(Text-to-region grounding data)
Segment Open

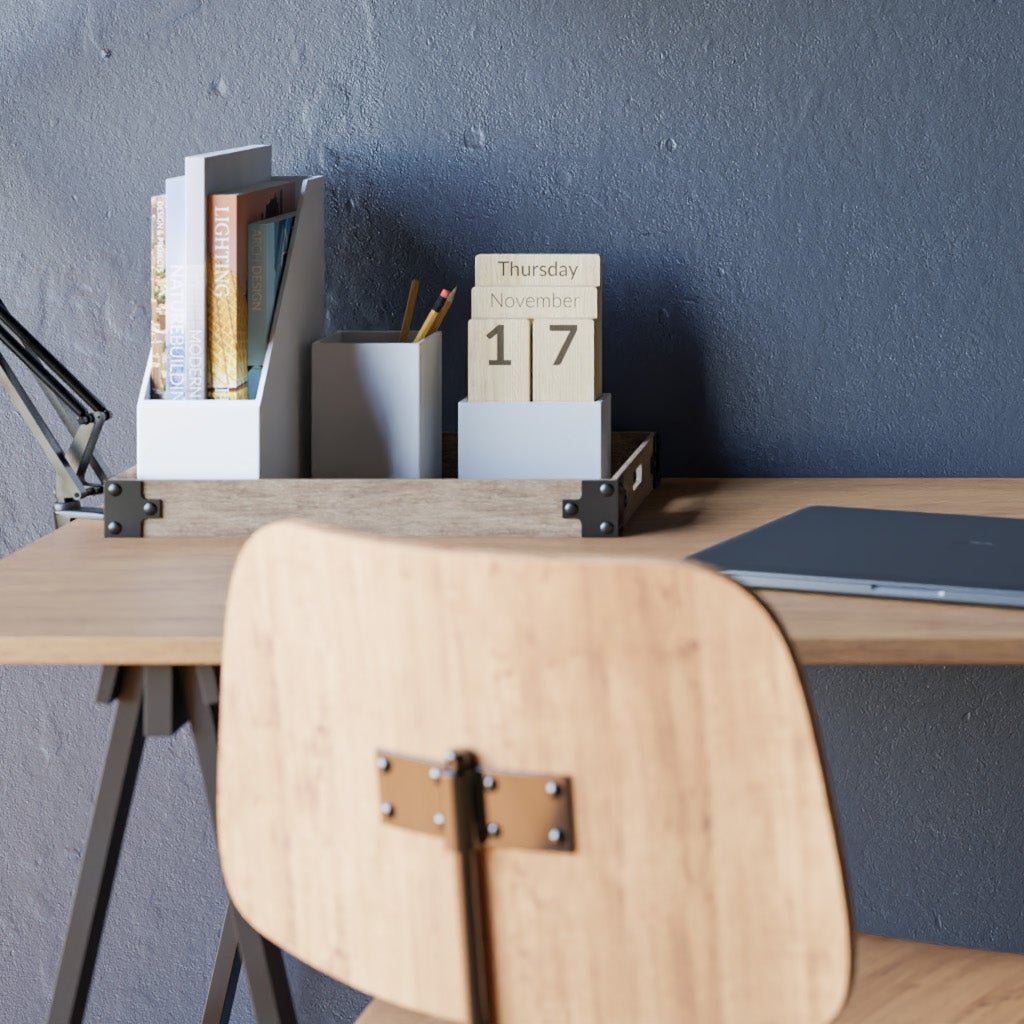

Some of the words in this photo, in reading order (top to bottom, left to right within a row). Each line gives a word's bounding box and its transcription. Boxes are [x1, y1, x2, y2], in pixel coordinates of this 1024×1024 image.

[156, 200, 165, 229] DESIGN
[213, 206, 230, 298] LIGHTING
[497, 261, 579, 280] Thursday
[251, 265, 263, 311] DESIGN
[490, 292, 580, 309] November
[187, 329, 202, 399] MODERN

Segment Closed

• What you are asked to do
Your copy must reproduce the entries above in full, without their pictures.

• Reply
Some of the words in this photo, in reading order (top to bottom, left to right within a row). Each line gives a word's bounding box and its transcription. Boxes are [x1, y1, x2, y2], in pixel coordinates of this 1024×1024 image.

[156, 200, 165, 229] DESIGN
[213, 206, 230, 298] LIGHTING
[497, 261, 579, 280] Thursday
[251, 265, 263, 311] DESIGN
[490, 292, 580, 309] November
[187, 329, 202, 399] MODERN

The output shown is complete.